Sky saw the issues on freeview and moved swiftly to stiff the alternatives when UK satellite TV went digital, seizing control of the digital satellite distribution platform (by paying for it) and locking broadcasters into their nasty proprietary NDS encryption system and subscription. You want digital satellite TV, you had to pay the Sky toll to unscramble the signal, and since Sky owned/leased the means of transmission they got to say how much.
The BBC was the first to break free and establish thier presence on Astra independently of Sky, and were followed by ITV, then Channel 4 and finally Channel 5, all of which are now available free to air, along with some of the related channels (FilmFour, More4 and E4), so now there is a real alternative to Freeview. You also get a couple of high-definition channels if you have a HD set-top box.
Ex Sky subscribers already have got everything they need, whip the Sky card out of your receiver and you're away. Sky signed up an awful lot of people over the years and not all of them stayed, but there are a lot of satellite dishes attached to British homes. You may have one of these old dishes, in which case it is worth trying a cheap satellite receiver on it.
It's worth first checking what Sky are offering as new deals to sign up customers, as they often discount the install and digibox for new customers. The trick to this is to remember to cancel just before the trial period is up. You generally get to keep the satellite receiver too, it's a hard one ot beat. Of course, Sky hope you will like all the other channels and will continue to pay, so they are just reducing the cost of entry. They fully expect to get some refuseniks, there's nothing wrong in being one of them.
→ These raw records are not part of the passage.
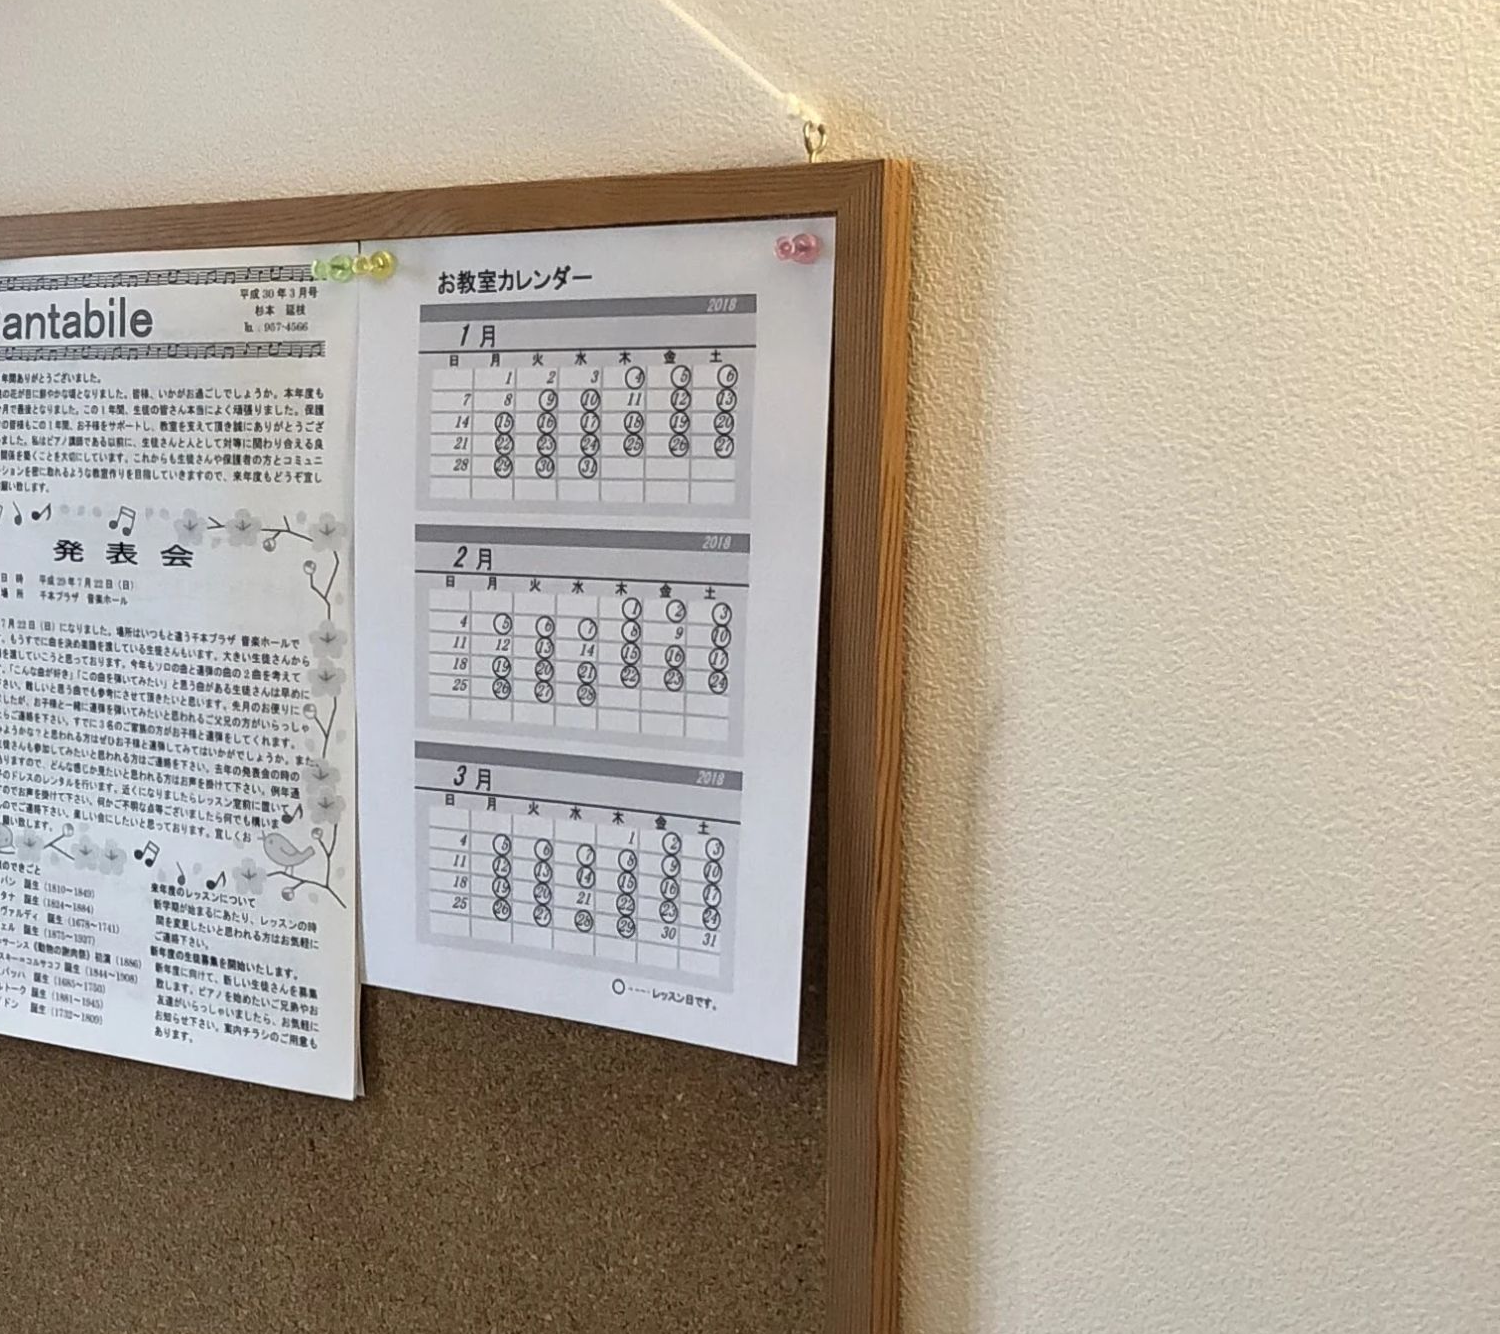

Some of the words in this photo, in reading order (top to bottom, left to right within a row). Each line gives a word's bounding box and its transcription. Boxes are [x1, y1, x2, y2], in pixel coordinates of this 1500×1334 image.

[438, 265, 592, 295] お教室カレンダー
[707, 297, 737, 312] 2018
[448, 355, 459, 367] 日
[490, 352, 501, 367] 月
[532, 352, 544, 366] 火
[574, 351, 588, 365] 水
[619, 351, 632, 364] 木
[663, 350, 677, 364] 金
[709, 350, 722, 363] 土
[505, 371, 512, 385] 1
[546, 371, 555, 385] 2
[590, 370, 599, 384] 3
[462, 393, 471, 407] 7
[503, 393, 512, 407] 8
[627, 392, 641, 407] 11
[455, 415, 470, 429] 14
[453, 437, 468, 451] 21
[453, 458, 468, 473] 28
[53, 539, 194, 567] 発表会
[453, 546, 493, 571] 2月
[453, 765, 492, 791] 3月
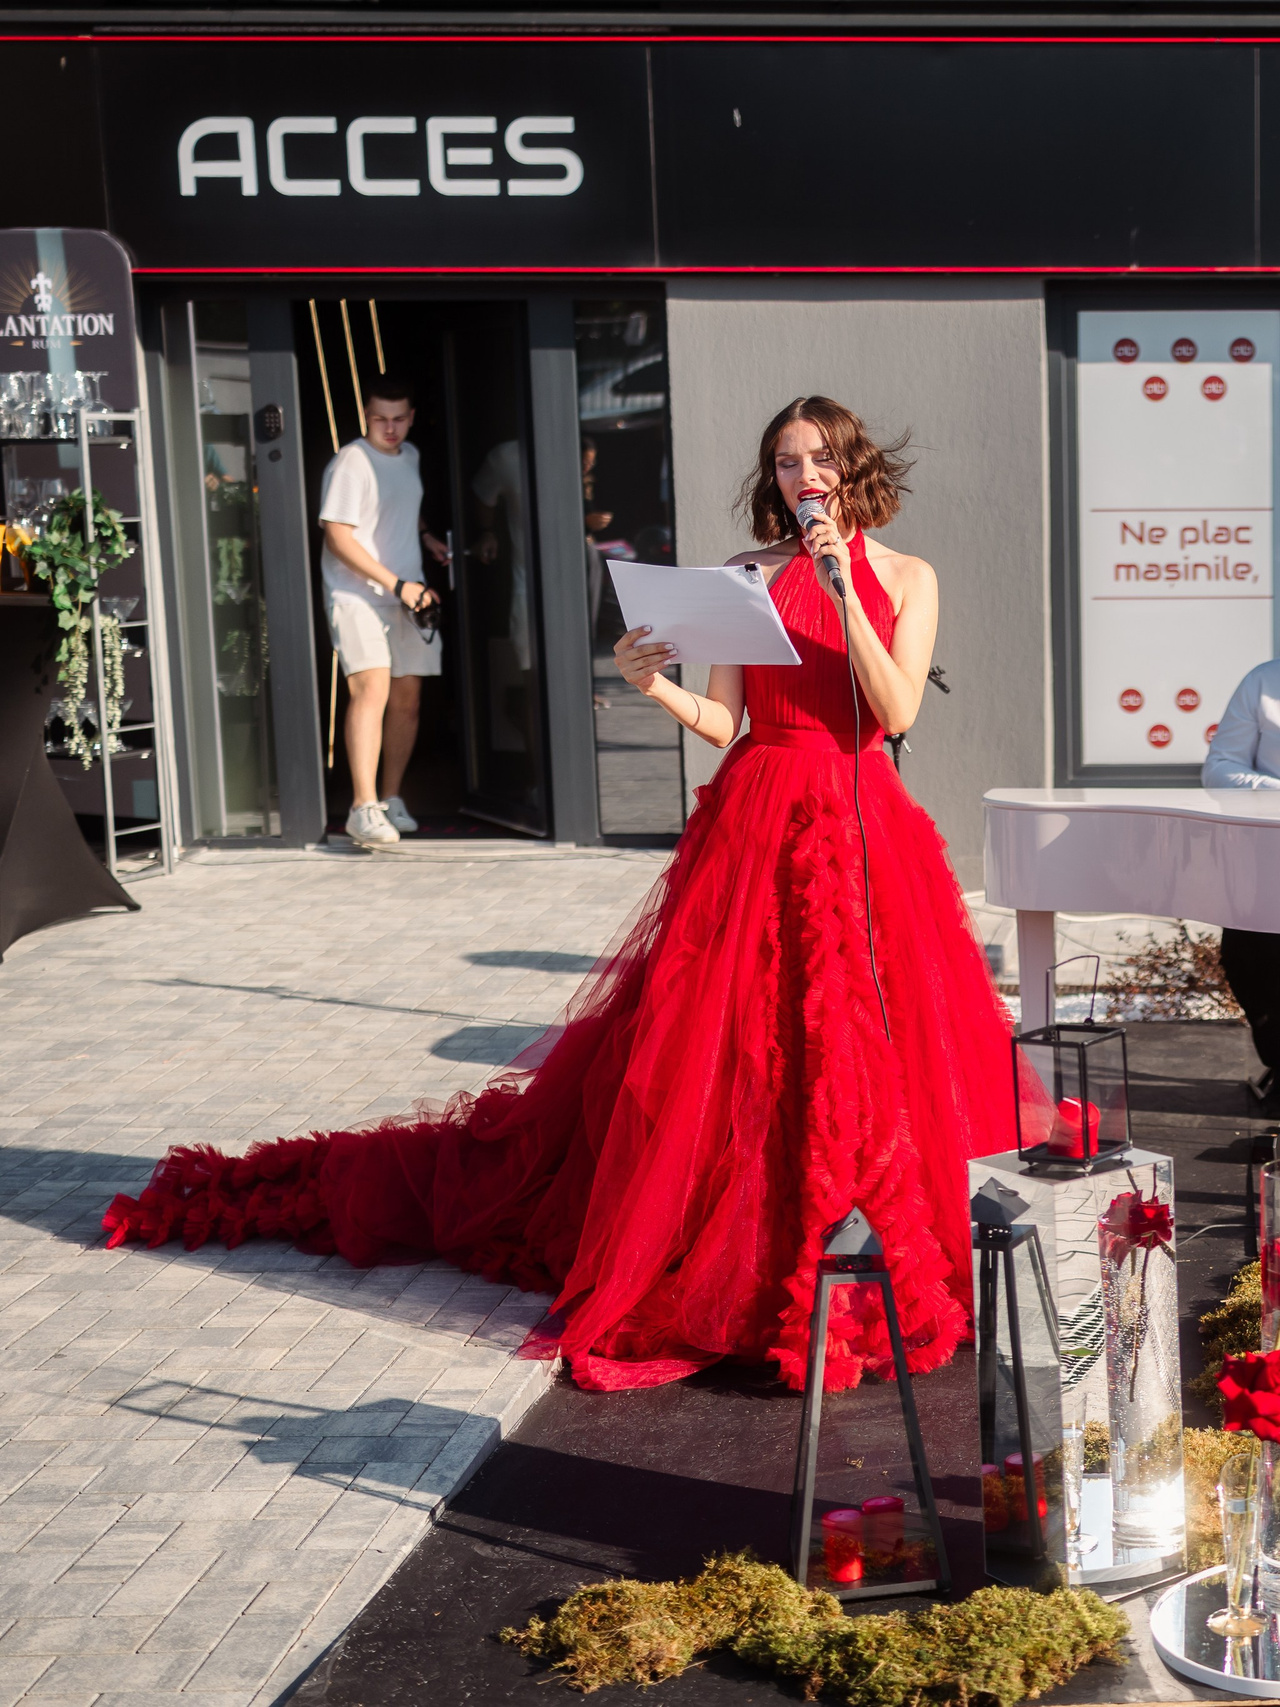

Rigging a dish can be a DIY job, though you need to check first that you can see the satellite. The dish needs to face about 28 degrees east of South (ie needs to go on a south-facing wall or be on a bracket at the southern corner on a E or W facing wall, if you are north-facing you are out of luck. There are enough dishes about, look for how neighbours have installed thers. If you have a garden but only a north-facing aspect, or you just don't want a dish spoiling your house, you can ground-mount the dish north of your house and receive the signal from over it, the satellite signal arrives at quite a steep angle to the horizontal. If the eaves of your house are 8m high you want to be about 10m away from the north-facing wall for this trick to have a good chance of working. Satellite signals don't really pass through anything solid, so there aren't any set-top aerials for the cowboy riggers thankfully. The problem with doign a DIY satellite install is that unlike analogue systems, you need to get the satellite dish pointed roughly right to get anything on the receiver at all, and there are many satellites close together in the geostationary orbit. Alignment is a matter of less than a couple of degrees horizontally and vertically, which is a lot more critical than a TV aerial. It all depends on how technically-minded you are. And you can end up spending a fair amount on alignment knick-knacks, which make like a lot easier in finding the satellites, but the costs need to be recovered over several installs. For the enterprising students, or renters looking to move a few times, it can make sense, as you will have to realign the dish each time you move. But if you're only planning to do one install, then there is an awful lot to be said for getting someone in for the install, even if it is a Sky teaser offer!
A satellite dish needs to go into a suitable receiver. A used Sky digibox can be had on ebay, but now any DVB satellite receiver can be used because the signals are unencrypted, and these are available from Maplin and varieus electrical retailers. You can't use a Freeview receiver for satellite, the signal is totally different. Likewise, an integrated receiver with the TV has to be freesat-compatible, not freeview compatible, and if you want digital recording you need to use a freesat PVR (personal video recorder). So if your reason for using freesat is because you've had grief with Freeview you get to part with more cash and add some more boxes under your TV...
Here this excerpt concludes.